The ways in which monetary policy affects the economy are far from mechanical in their
operation. In aggregate, however, a general negative association between interest rates
and both demand growth and inflation is clear. Substantial rises in interest rates,
designed to restrain inflationary booms, have been followed by contractions in demand
and a reduction in inflation. Conversely, substantial interest rate reductions have been
followed by periods of significantly faster growth. In responding to cyclical developments
and inflationary pressures, monetary policy has had a powerful influence on aggregate
demand and inflation in the economy.

Australian fiscal policy is based on a medium-term framework designed to ensure budget

balance over the cycle. This medium-term framework ensures that the Government
balance sheet remains in good order. The formulation of the fiscal strategy, with an over
the cycle emphasis, also allows the use of fiscal policy as a demand management tool.
The fact that the strategy allows the use of discretionary fiscal policy raises the question
of the desirability and effectiveness of discretionary fiscal policy. Australia is a relatively
small, open, financially developed economy with a floating exchange rate. Standard
economic theory suggests that monetary policy is a relatively more potent demand
management tool for such economies. For example, it predicts that fiscal expansion will
produce higher interest rates that will reduce investment expenditure. However, it also
predicts that the instantaneous inflow of capital will to some extent circumvent any
change in interest rates, and produce an appreciation of the currency and a smaller
contribution of net exports to growth. In contrast, expansionary
monetary policy leads to lower interest rates, capital outflow and a depreciated currency,
which increases the net export contribution to growth. Symmetrically, with the first policy
case, the capital outflow will mitigate the actual change in domestic interest rates.

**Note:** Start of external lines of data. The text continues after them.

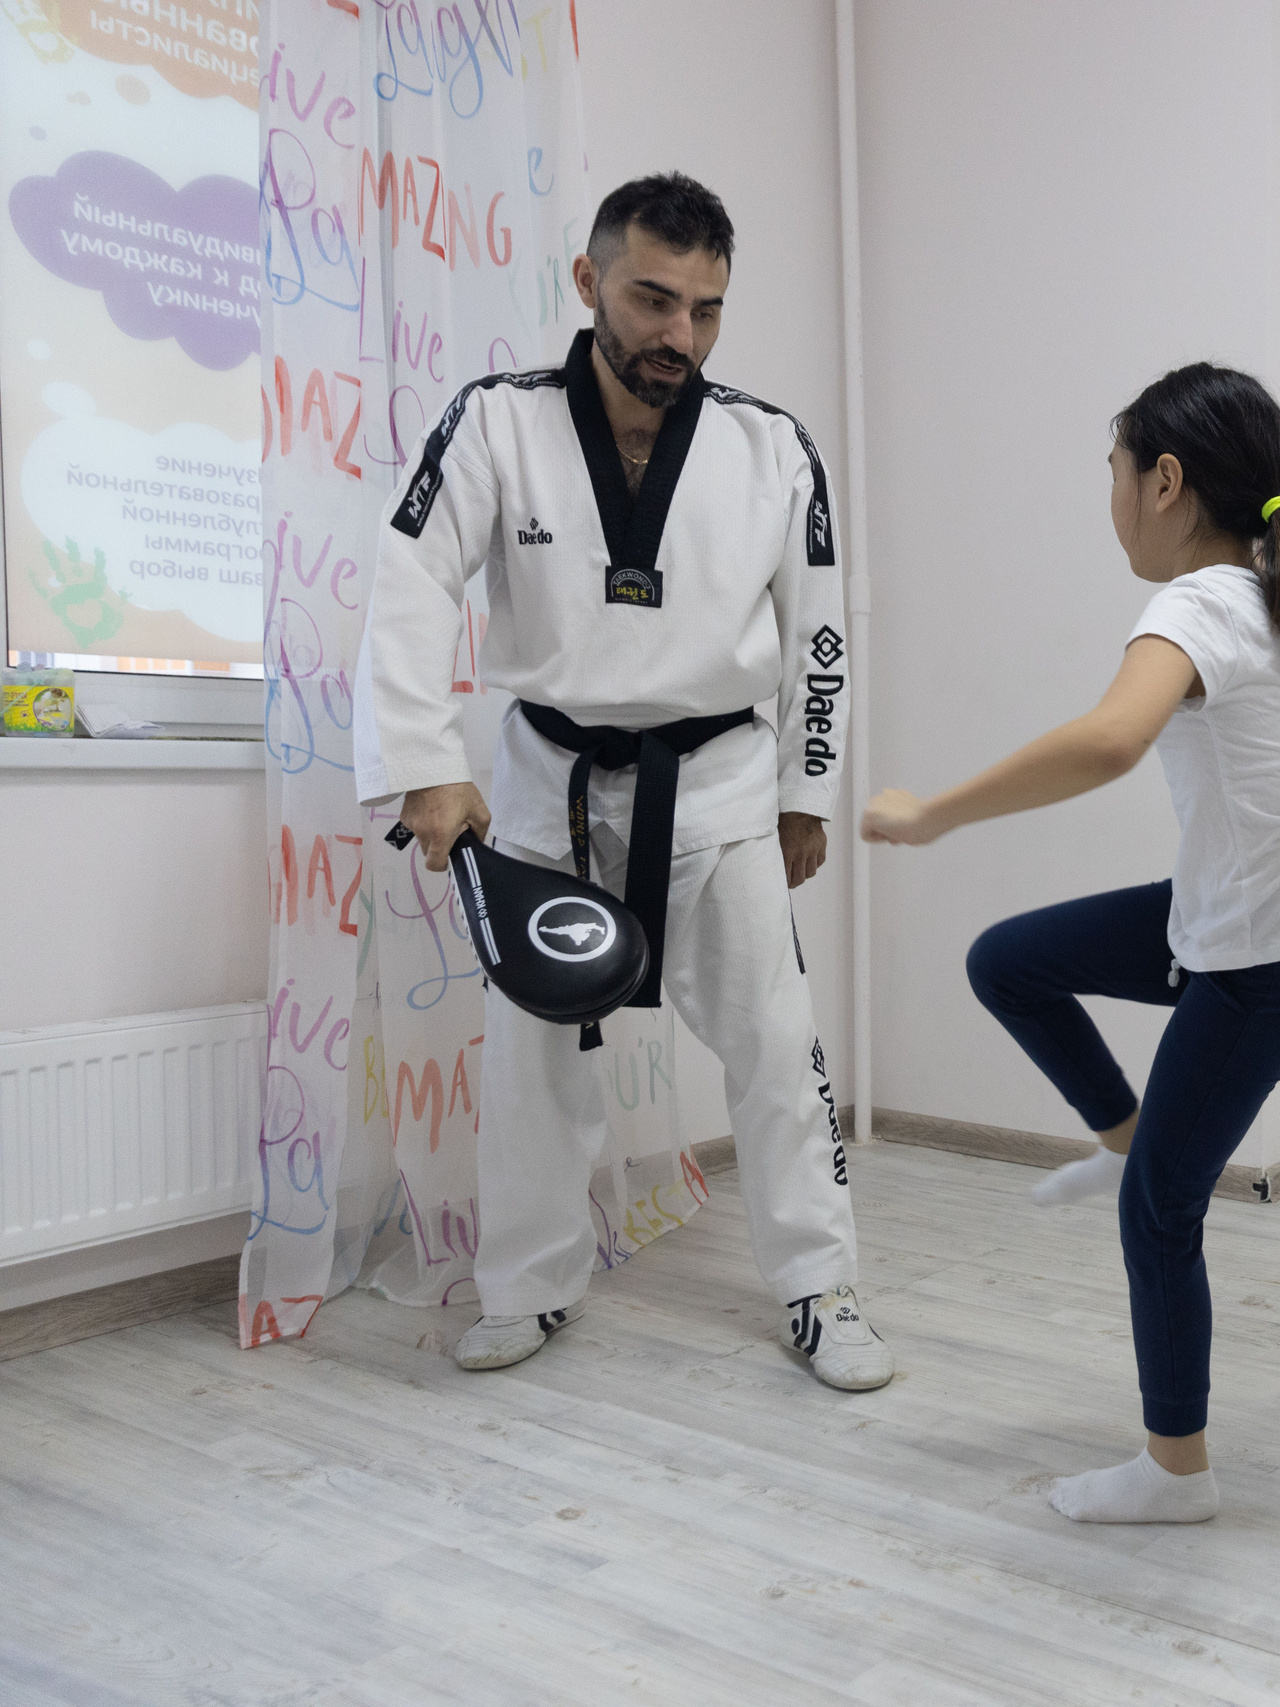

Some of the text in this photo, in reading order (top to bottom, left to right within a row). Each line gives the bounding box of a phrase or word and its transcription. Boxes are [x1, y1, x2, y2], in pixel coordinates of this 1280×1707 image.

[269, 42, 356, 149] ive
[408, 469, 432, 519] WTF
[517, 528, 553, 545] Daedo
[814, 500, 828, 548] WTF
[613, 571, 651, 590] TAEKWONDO
[804, 673, 844, 777] Daedo

From a policy makers perspective it is important to have some understanding of the
effectiveness of fiscal policy to inform the desirability and magnitude of any fiscal
package. The paper does not attempt to ascertain the total effectiveness of fiscal policy.

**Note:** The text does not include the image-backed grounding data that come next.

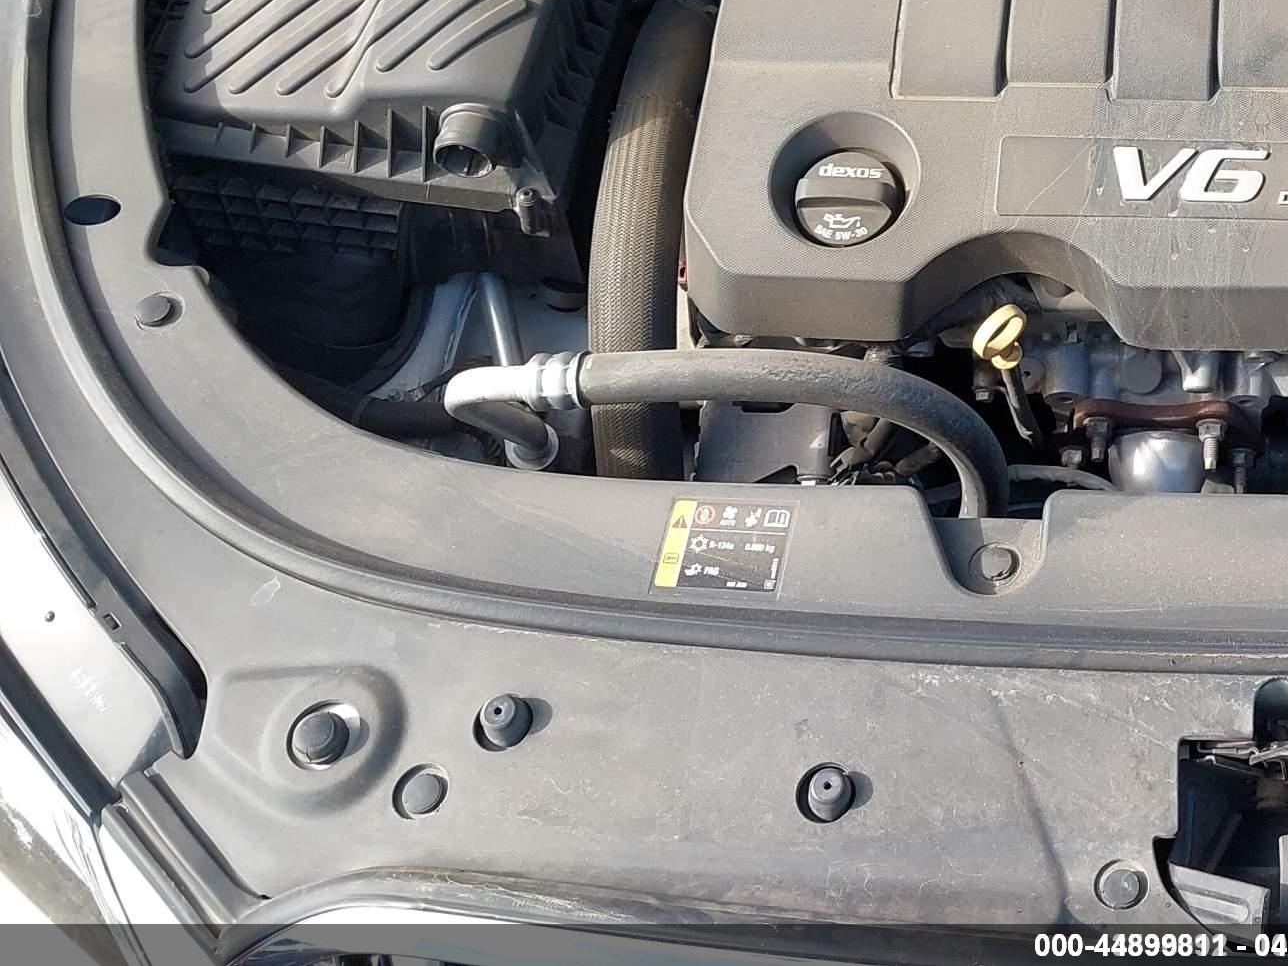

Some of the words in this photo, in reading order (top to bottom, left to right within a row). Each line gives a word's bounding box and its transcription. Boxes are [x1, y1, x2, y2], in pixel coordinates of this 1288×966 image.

[819, 163, 884, 179] dexos
[1113, 146, 1270, 202] V6
[814, 224, 833, 239] SAE
[835, 227, 868, 240] 5W-30
[719, 519, 737, 527] AUTO
[703, 566, 720, 576] PAG

This paper focuses on two factors private sector saving offsets and interest rate effects
that may reduce the effectiveness of fiscal policy as an aggregate demand management
tool in Australia.
The paper is organized as follows. Section II considers evidence of private sector saving
offsets in Australia. Section III considers the potential link between fiscal policy and
interest margins. Section IV considers the policy implications of the papers findings.